EXERCISE DESCRIPTION:
Within the records below, repeat each line exactly but keep every picture out of the copy.

RECORDS SUPPLIED:
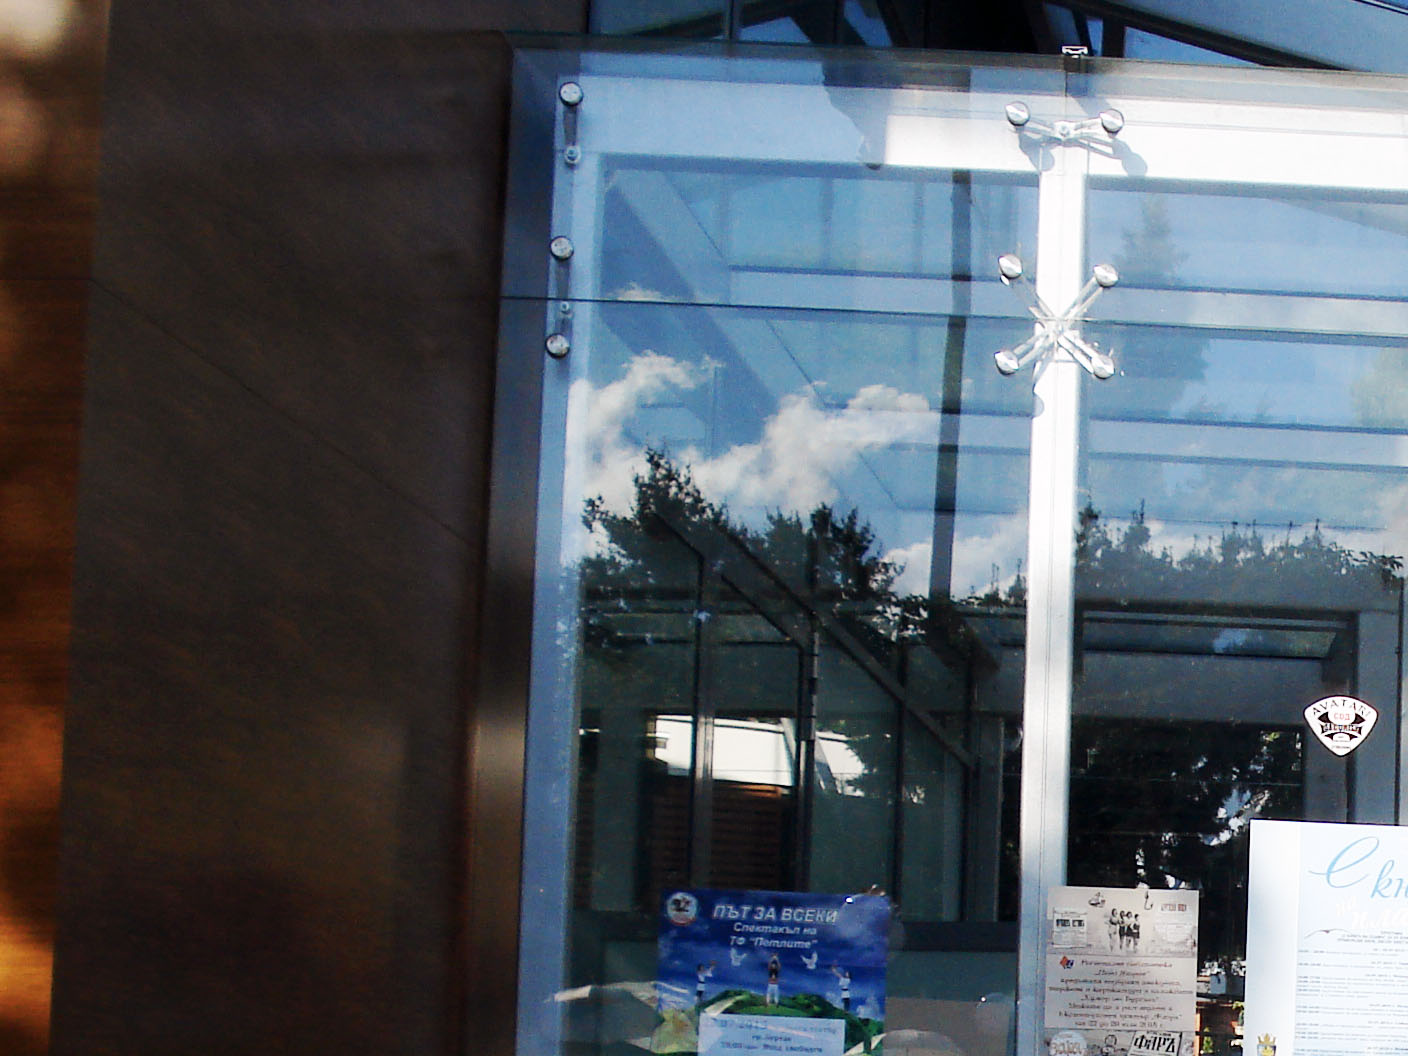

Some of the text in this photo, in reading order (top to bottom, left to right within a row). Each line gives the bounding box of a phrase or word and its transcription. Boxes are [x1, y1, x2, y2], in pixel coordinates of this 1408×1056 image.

[712, 904, 838, 924] ПЪТ ЗА ВСЕКИ
[802, 927, 817, 935] на
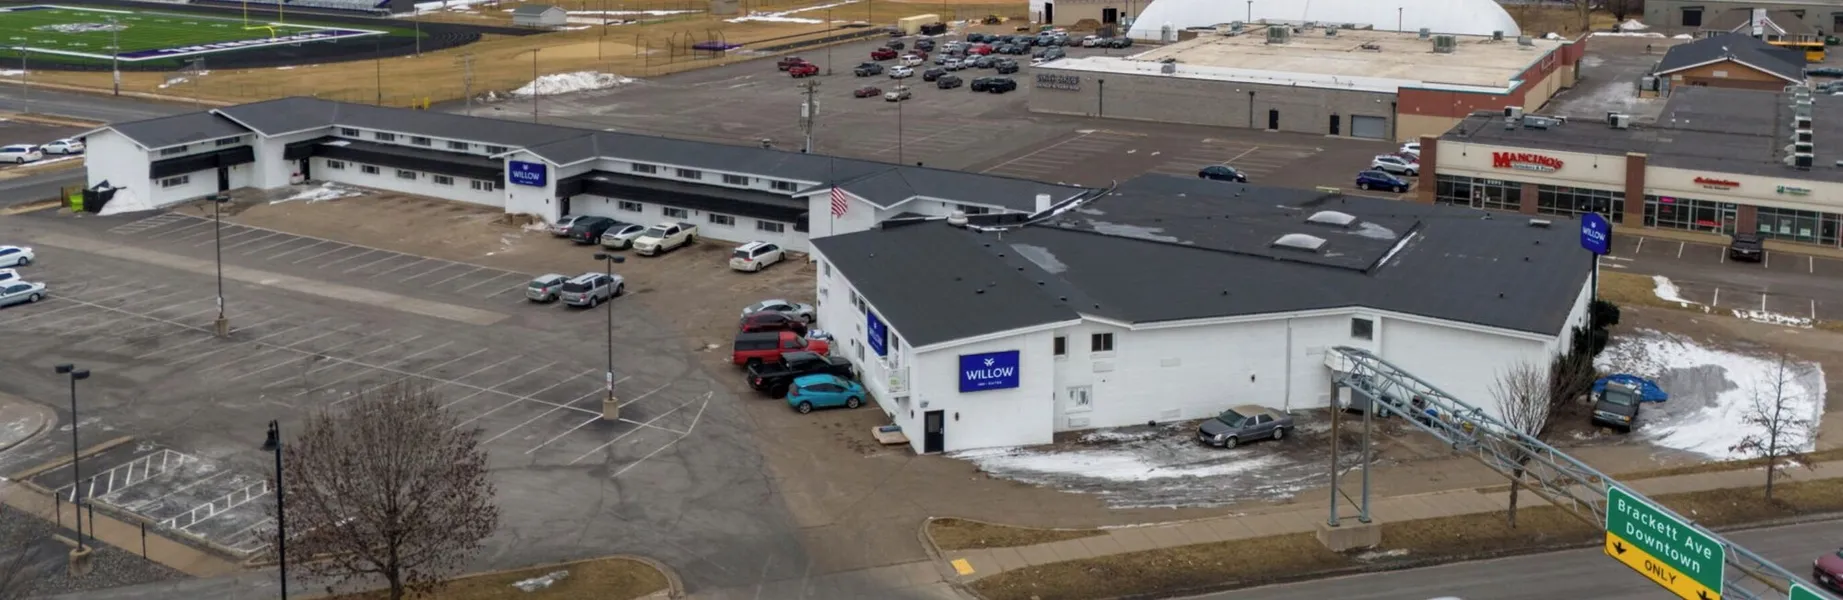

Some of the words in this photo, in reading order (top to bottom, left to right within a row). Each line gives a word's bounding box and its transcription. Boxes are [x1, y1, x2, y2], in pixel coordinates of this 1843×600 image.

[512, 170, 540, 180] WILLOW
[1583, 226, 1606, 241] WILLOW
[966, 366, 1014, 381] WILLOW
[1618, 499, 1678, 541] Brackett
[1684, 536, 1712, 560] Ave
[1626, 522, 1701, 573] Downtown
[1644, 559, 1677, 585] ONLY
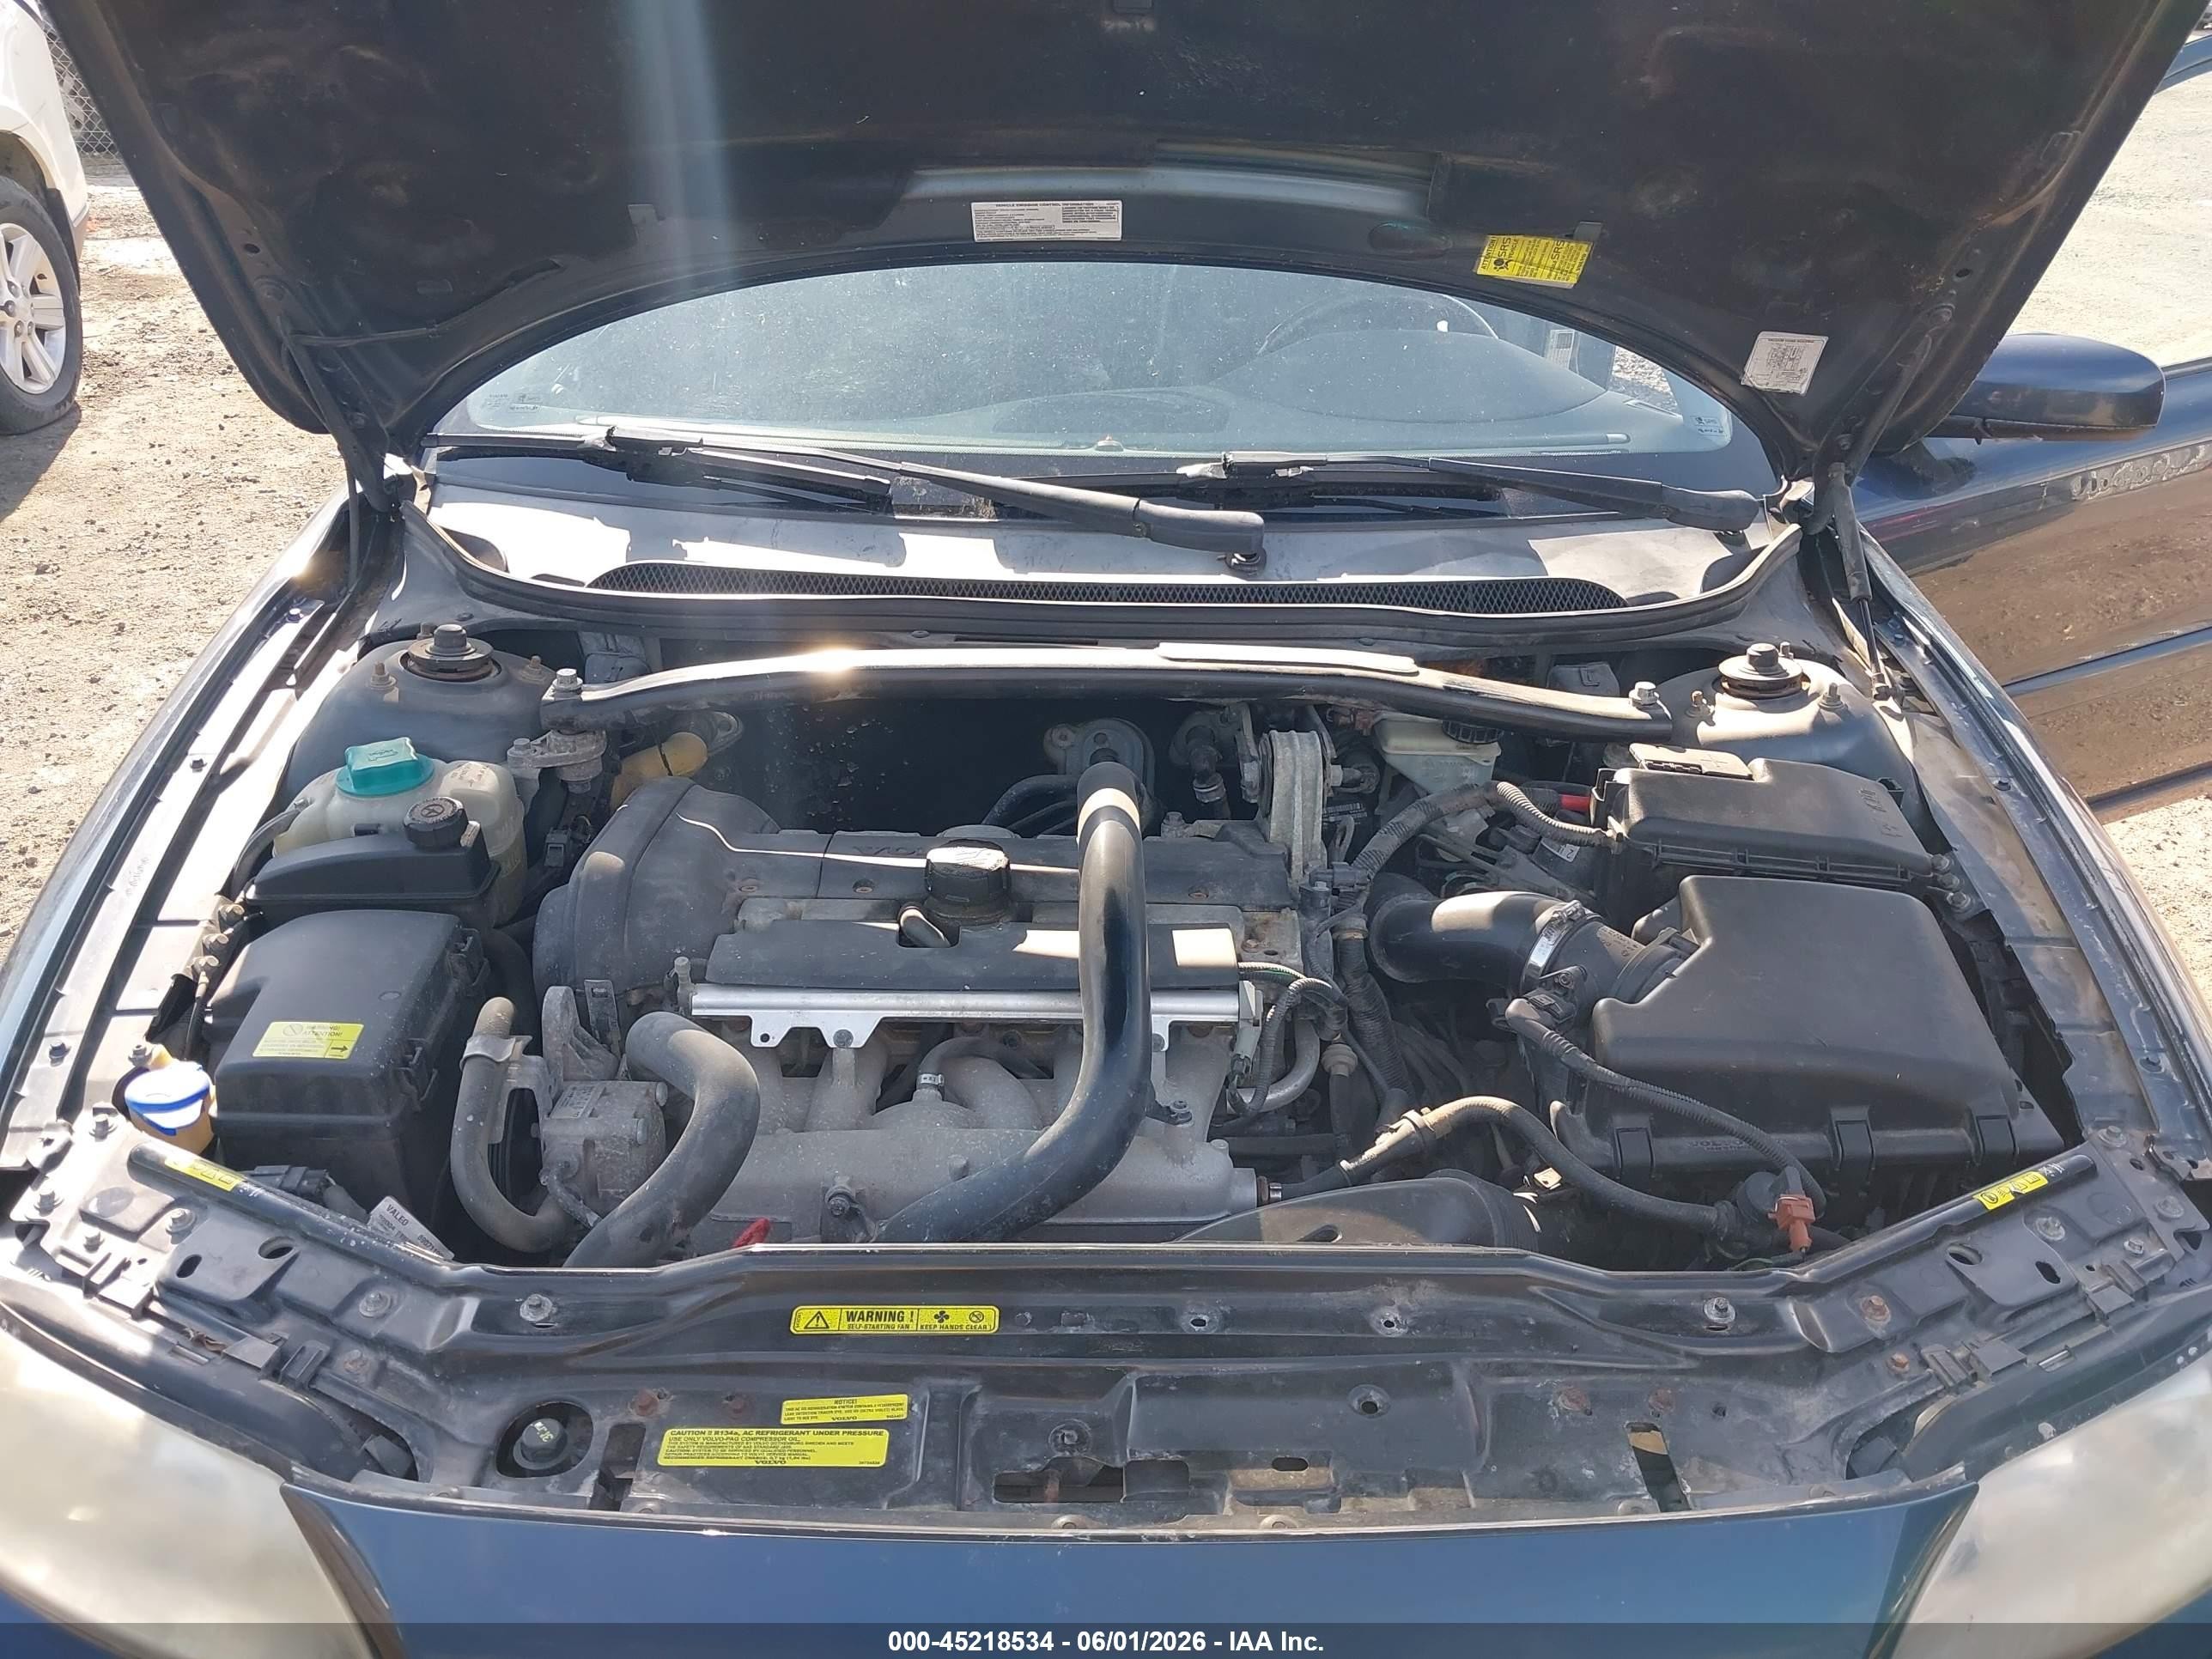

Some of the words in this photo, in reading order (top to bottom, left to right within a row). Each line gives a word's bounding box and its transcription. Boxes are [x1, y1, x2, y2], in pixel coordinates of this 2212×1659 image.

[1498, 237, 1512, 257] SRS
[1551, 240, 1565, 260] SRS
[386, 1204, 410, 1226] VALEO
[846, 1310, 905, 1322] WARNING

ANSWER BELOW:
Some of the text in this photo, in reading order (top to bottom, left to right within a row). Each line gives the bounding box of a phrase or word and its transcription. Boxes are [x1, y1, x2, y2], in pixel coordinates of this 1408×1056 image.

[712, 904, 838, 924] ПЪТ ЗА ВСЕКИ
[802, 927, 817, 935] на

Some of the words in this photo, in reading order (top to bottom, left to right within a row). Each line gives a word's bounding box and its transcription. Boxes are [x1, y1, x2, y2], in pixel coordinates of this 1843×600 image.

[512, 170, 540, 180] WILLOW
[1583, 226, 1606, 241] WILLOW
[966, 366, 1014, 381] WILLOW
[1618, 499, 1678, 541] Brackett
[1684, 536, 1712, 560] Ave
[1626, 522, 1701, 573] Downtown
[1644, 559, 1677, 585] ONLY

Some of the words in this photo, in reading order (top to bottom, left to right within a row). Each line gives a word's bounding box and its transcription. Boxes are [x1, y1, x2, y2], in pixel coordinates of this 2212×1659 image.

[1498, 237, 1512, 257] SRS
[1551, 240, 1565, 260] SRS
[386, 1204, 410, 1226] VALEO
[846, 1310, 905, 1322] WARNING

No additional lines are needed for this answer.